Beyond finance, spearheading cross-functional initiatives that target multiple departments would help CFOs showcase expertise in other areas that business leaders see as developmental priorities. These include communication (35%) and visibility (29%).

While CEOs and MDs believe the latter two skills need less development than others, they’re by no means unimportant.

  1. Commercial capabilities

Business leaders aren’t looking for finance leaders to play a background role that centres only on cost optimisation. Instead, they want a strategic partner who understands why customers buy and why they exit the revenue stream. Commercial or customer insight is ranked as the CFO’s third-largest development area (24%).
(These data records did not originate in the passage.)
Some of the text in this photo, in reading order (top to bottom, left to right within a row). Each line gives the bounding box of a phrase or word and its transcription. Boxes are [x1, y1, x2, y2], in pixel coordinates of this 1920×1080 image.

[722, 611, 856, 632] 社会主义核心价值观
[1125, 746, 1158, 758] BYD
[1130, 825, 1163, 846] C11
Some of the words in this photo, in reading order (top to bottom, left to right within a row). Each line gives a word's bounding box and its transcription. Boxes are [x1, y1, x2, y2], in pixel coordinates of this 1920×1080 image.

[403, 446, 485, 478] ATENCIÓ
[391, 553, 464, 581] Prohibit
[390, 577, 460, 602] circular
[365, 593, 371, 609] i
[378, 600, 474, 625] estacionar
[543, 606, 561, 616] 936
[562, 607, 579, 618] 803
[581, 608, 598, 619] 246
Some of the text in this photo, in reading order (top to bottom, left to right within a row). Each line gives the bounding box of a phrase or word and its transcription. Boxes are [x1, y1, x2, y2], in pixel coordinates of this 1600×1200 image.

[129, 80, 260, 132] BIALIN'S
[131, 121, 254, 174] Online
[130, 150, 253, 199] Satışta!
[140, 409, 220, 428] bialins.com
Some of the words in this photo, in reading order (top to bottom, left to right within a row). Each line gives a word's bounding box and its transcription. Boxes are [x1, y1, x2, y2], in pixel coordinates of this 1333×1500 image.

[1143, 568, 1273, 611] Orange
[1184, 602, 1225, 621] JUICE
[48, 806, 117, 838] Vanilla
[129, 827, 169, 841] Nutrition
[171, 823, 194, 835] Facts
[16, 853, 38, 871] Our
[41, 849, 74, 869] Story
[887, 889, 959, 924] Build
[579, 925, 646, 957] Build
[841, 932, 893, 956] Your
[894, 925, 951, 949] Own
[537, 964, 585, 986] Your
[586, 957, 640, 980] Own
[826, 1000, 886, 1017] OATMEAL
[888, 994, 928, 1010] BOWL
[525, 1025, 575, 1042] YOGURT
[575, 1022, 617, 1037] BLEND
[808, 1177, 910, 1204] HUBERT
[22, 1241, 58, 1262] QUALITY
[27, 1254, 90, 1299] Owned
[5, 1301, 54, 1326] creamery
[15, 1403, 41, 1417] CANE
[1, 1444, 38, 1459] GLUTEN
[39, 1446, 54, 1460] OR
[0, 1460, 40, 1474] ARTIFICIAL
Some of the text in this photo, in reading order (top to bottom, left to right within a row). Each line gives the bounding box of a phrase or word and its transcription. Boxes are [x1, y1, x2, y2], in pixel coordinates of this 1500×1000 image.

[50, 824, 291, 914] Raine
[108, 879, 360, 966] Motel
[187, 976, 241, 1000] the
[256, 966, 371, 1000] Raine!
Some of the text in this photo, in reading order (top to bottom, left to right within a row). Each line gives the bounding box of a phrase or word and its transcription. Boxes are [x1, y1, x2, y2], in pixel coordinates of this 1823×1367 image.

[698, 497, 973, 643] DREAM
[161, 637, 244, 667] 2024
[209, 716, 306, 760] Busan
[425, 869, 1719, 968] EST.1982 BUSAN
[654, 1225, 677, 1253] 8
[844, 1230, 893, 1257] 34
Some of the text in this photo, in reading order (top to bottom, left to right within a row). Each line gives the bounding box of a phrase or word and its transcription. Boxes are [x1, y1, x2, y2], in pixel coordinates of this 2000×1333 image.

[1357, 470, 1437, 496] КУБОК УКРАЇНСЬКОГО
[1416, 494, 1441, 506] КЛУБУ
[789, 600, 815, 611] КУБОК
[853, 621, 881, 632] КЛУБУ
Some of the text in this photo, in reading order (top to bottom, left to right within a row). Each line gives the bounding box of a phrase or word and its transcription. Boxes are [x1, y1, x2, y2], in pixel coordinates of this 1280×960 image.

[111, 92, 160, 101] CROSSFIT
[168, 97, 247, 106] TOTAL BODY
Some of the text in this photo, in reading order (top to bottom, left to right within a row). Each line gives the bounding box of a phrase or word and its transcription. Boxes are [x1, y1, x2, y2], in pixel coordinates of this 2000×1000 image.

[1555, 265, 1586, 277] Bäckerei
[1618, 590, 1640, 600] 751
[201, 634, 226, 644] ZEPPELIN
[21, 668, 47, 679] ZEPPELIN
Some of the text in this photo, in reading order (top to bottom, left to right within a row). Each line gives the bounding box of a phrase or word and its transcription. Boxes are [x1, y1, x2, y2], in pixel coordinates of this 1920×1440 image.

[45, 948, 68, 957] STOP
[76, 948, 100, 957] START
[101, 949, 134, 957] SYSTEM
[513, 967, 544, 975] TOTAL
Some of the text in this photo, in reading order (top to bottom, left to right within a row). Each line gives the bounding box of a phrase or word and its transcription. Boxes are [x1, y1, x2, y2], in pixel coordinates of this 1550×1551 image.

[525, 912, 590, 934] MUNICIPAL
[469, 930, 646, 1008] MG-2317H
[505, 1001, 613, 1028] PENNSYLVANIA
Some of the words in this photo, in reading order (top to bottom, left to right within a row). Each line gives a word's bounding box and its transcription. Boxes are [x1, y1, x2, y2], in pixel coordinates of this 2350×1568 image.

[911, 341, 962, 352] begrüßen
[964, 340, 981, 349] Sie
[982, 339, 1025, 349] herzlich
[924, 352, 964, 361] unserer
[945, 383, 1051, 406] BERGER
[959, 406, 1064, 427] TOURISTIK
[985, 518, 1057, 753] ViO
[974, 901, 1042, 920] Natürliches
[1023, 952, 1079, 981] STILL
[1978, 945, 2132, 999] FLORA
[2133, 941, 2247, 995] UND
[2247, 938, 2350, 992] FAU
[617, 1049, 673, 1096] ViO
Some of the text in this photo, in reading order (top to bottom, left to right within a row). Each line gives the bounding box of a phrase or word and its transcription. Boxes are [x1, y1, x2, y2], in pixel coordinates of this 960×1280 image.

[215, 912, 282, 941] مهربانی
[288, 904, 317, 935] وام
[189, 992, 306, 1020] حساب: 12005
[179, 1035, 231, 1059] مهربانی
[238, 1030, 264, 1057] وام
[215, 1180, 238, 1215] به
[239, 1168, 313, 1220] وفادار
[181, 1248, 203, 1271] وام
How the CFO works with customers, boards, investors, and partners – and accurately reports on revenue – matters just as much as internal performance management.

That’s not to say demand has fallen for traditional financial management activities. Finance and business leaders still believe that finance priorities such as risk management (82%) and cost efficiency (74%) should contribute to growth. However, there’s a feeling that more could be done: just 57% and 53% of respondents say these areas actually contribute to the company’s growth, respectively.

To support business leaders as needed, CFOs will need to deliver substantive insights on revenue, costs, and growth opportunities both internally and externally. This is where data and analytics upskilling can unlock new opportunities for forecasting, scenario planning, and cost control.

It’s the aspiring few with the necessary strategic leadership, people leadership, and commercial capabilities who will become CEO and play an integral role in shaping the future of business. If the focus areas identified are prioritised by the business leaders of today, CFOs can prime themselves to become the business leaders of tomorrow.